I’ve already made some progress down that road. In my run writing the Robin series (of Batman fame), I made sure both Batman and Robin were portrayed as good, steadfast heroes, with unshakable personal codes and a firm grasp of their mission. I even got to do a story where Robin parachuted into Afghanistan with a group of very patriotic military superheroes on a full-scale, C130 gunship-supported combat mission. And in my short run on the Shadowpact series I kept to the same standard (but with less success as several story details were editorially imposed).

But ’some’ progress isn’t enough. It’s time to make public a decision I’ve already made in private. I’m going to shamelessly steal a line from Rush Limbaugh, who said, concerning a different matter, “Go ahead and have your recession if you insist, but you’ll have to pardon me if I choose not to participate.” And from now on that’s my position on superhero comics. Go ahead and have your Age of Superhero Decadence, if you insist, but you’ll have to pardon me if I no longer choose to participate.

All I can say is "Good luck and God Speed." While not as important as the two causes to which I have dedicated myself (The Space Princess Movement, the Pluto-is-a-Planet Movement, and the election of Solomon Kane, Puritan adventurer to the office of the presidency — I realize that is three, but you cannot expect a man dedicated to the re-planetification of Pluto to count, can you? All my mental energy is occupied making up words like re-planetification), I must say this is a cause worth fighting for. In the same way that a fish rots from the head, a culture rots from its imagination. When the dreams and shared myths of the culture turn dark, sour, and poisonous, the material circumstance of the culture are not long to follow.

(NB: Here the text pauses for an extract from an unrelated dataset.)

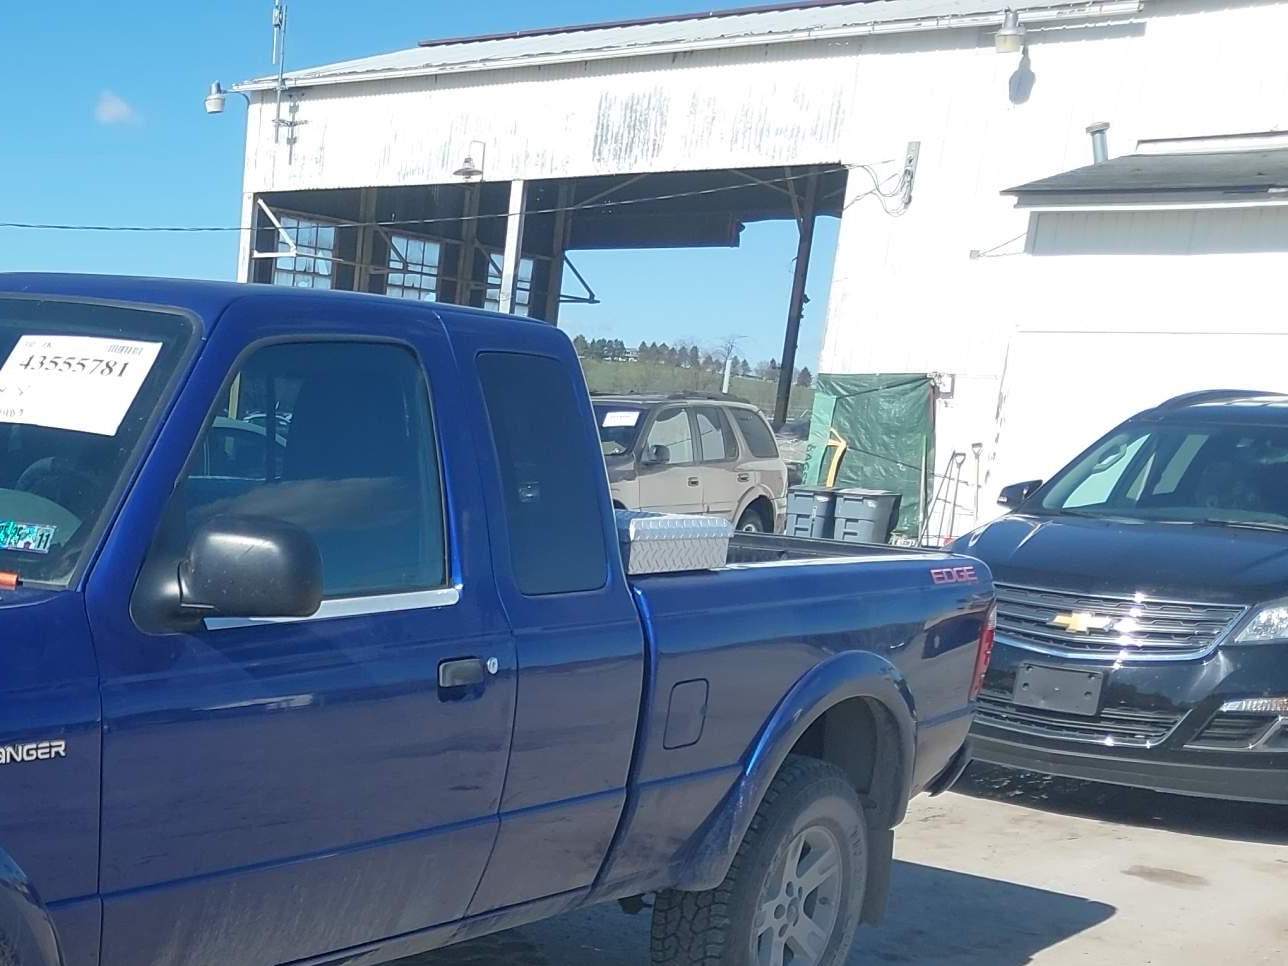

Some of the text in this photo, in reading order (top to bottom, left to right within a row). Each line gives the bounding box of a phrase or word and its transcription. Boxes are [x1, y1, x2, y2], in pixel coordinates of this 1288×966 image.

[19, 354, 130, 377] 43555781
[36, 533, 50, 549] 11
[930, 566, 978, 584] EDGE

The poison of dreams is called irony. Speaking of which, let me provide a link to an essay by superversive titled Ad Effigiem in which he explores the straw-man argument both in ironic litarture and in the chronological sobbery so preventant in our times. The chronological snobbery, the idea that "later is better" is a Late Victorian conception, now embraced uncritically by the Left, those scientific scholars of the material dialectic of history, who also somehow suffer selective historical amnesia and apalling historical iliteracy. As for the ironic, the writer has this to say:

Ironic fiction depends upon the conceit that the characters in the story are inferior in kind, or at least in mental capacity, to the author and his audience. In other words, it depends on making one’s characters into straw men, instead of making them behave like real people. The fact that ironic writers (and the critics who worship them) think of themselves as the only true realists under the canopy, and dismiss everyone else as romantics and escapists, merely shows what nonsensical meanings have become attached to the word realism. It is somehow ‘realistic’ to write about ugliness, but not about beauty; about cowardice, but not courage; about villains, but not heroes. Yet everyone with a normal aesthetic sense and a little inclination to travel (instead of seeing the world through the distorting eye of television) can see that nature contains far more beauty than ugliness; and everyone who has a nodding acquaintance with human beings knows that genuine villains are as rare as genuine saints.

[…]

When fantasy first became established as a commercial genre, it was solidly grounded in Frye’s category of the romantic. This is one of many reasons why critics of the Moorcock school hate Tolkien and all his imitators. In one sense, all their calls for subversion in fantasy are really calls for the ironic, because what they most want to subvert is the idea of human dignity. Elric is an ironic hero, a classic anti-hero in fact: a spiritual (and almost literal) vampire, devoid of morals; motivated by selfishness, a consuming hatred of his own people, and mere contempt for everyone else. Miéville’s New Crobuzon is notoriously ironic, a city where everything is ugly, everyone acts from the crassest motives, and from which nature itself has been so thoroughly expunged that no green and growing thing has ever been found there. The irony of their school is the deliberate antithesis to the romance of Tolkien and his followers.

It is no accident that Moorcock and Miéville set up Mervyn Peake as the anti-Tolkien, the principal god of their degraded pantheon.